● **TASK MATERIAL**
Content starts

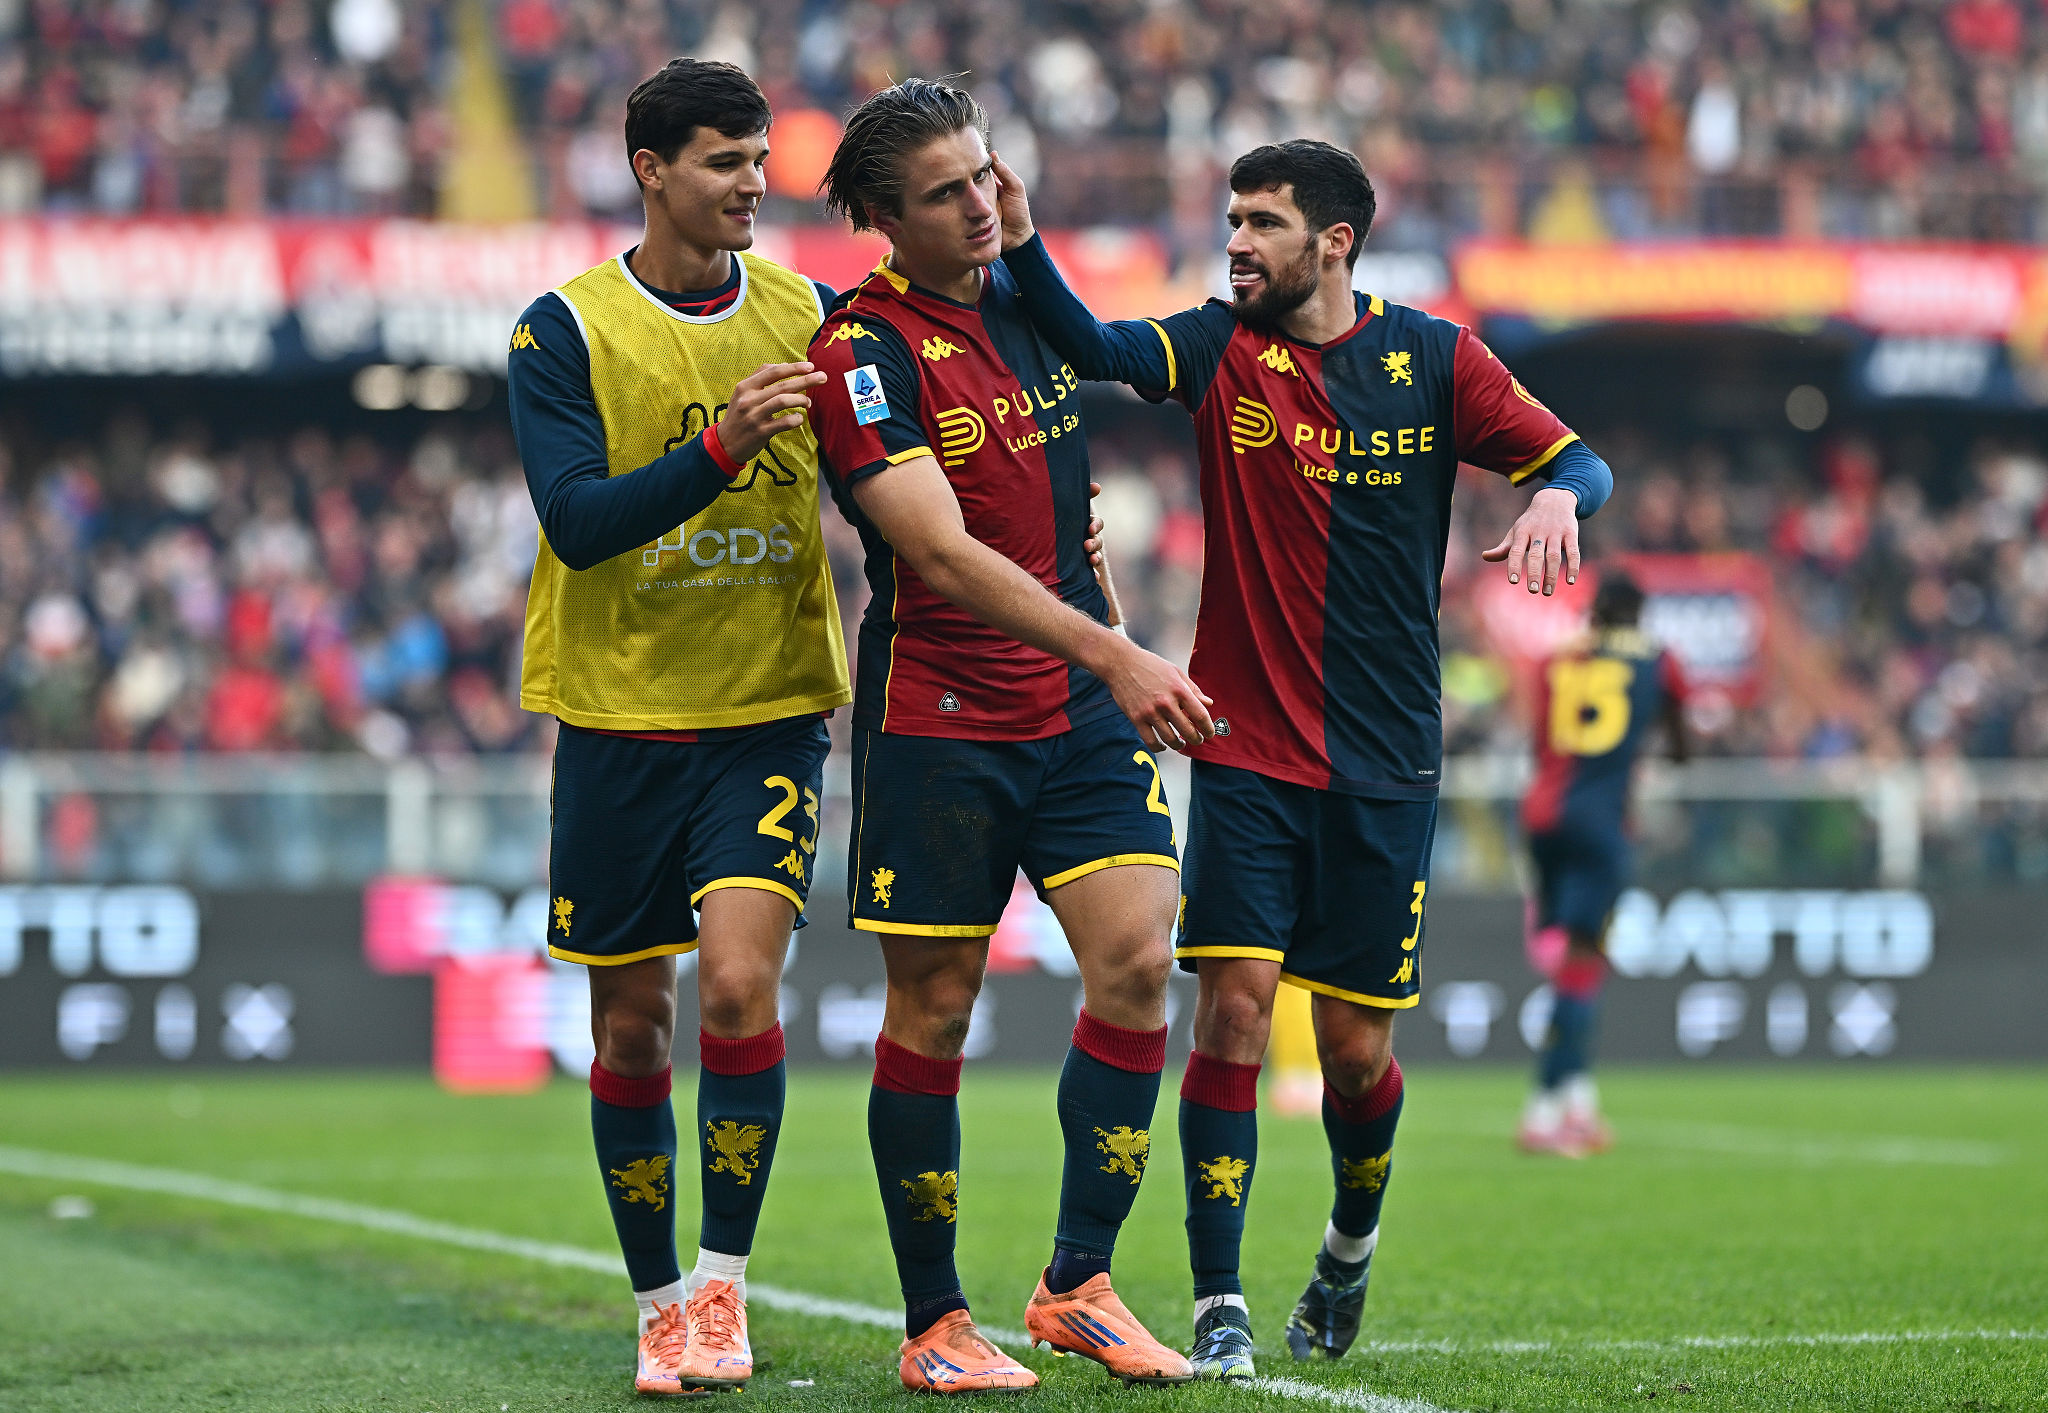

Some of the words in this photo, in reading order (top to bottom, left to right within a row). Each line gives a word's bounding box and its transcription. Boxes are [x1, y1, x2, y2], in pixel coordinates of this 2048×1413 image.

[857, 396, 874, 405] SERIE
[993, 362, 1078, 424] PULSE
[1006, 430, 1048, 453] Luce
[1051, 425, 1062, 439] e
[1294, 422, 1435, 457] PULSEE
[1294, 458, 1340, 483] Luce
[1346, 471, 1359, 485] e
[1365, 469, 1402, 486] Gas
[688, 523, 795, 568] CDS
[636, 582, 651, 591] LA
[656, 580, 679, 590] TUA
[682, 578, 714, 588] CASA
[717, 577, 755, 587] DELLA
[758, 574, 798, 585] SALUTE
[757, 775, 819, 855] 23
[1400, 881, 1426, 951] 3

Content ends

● **INSTRUCTIONS TO FOLLOW**
All of the records above are to be copied exactly, minus the pictures.

● **WRITTEN RESPONSE**
Some of the words in this photo, in reading order (top to bottom, left to right within a row). Each line gives a word's bounding box and its transcription. Boxes are [x1, y1, x2, y2], in pixel coordinates of this 2048×1413 image.

[857, 396, 874, 405] SERIE
[993, 362, 1078, 424] PULSE
[1006, 430, 1048, 453] Luce
[1051, 425, 1062, 439] e
[1294, 422, 1435, 457] PULSEE
[1294, 458, 1340, 483] Luce
[1346, 471, 1359, 485] e
[1365, 469, 1402, 486] Gas
[688, 523, 795, 568] CDS
[636, 582, 651, 591] LA
[656, 580, 679, 590] TUA
[682, 578, 714, 588] CASA
[717, 577, 755, 587] DELLA
[758, 574, 798, 585] SALUTE
[757, 775, 819, 855] 23
[1400, 881, 1426, 951] 3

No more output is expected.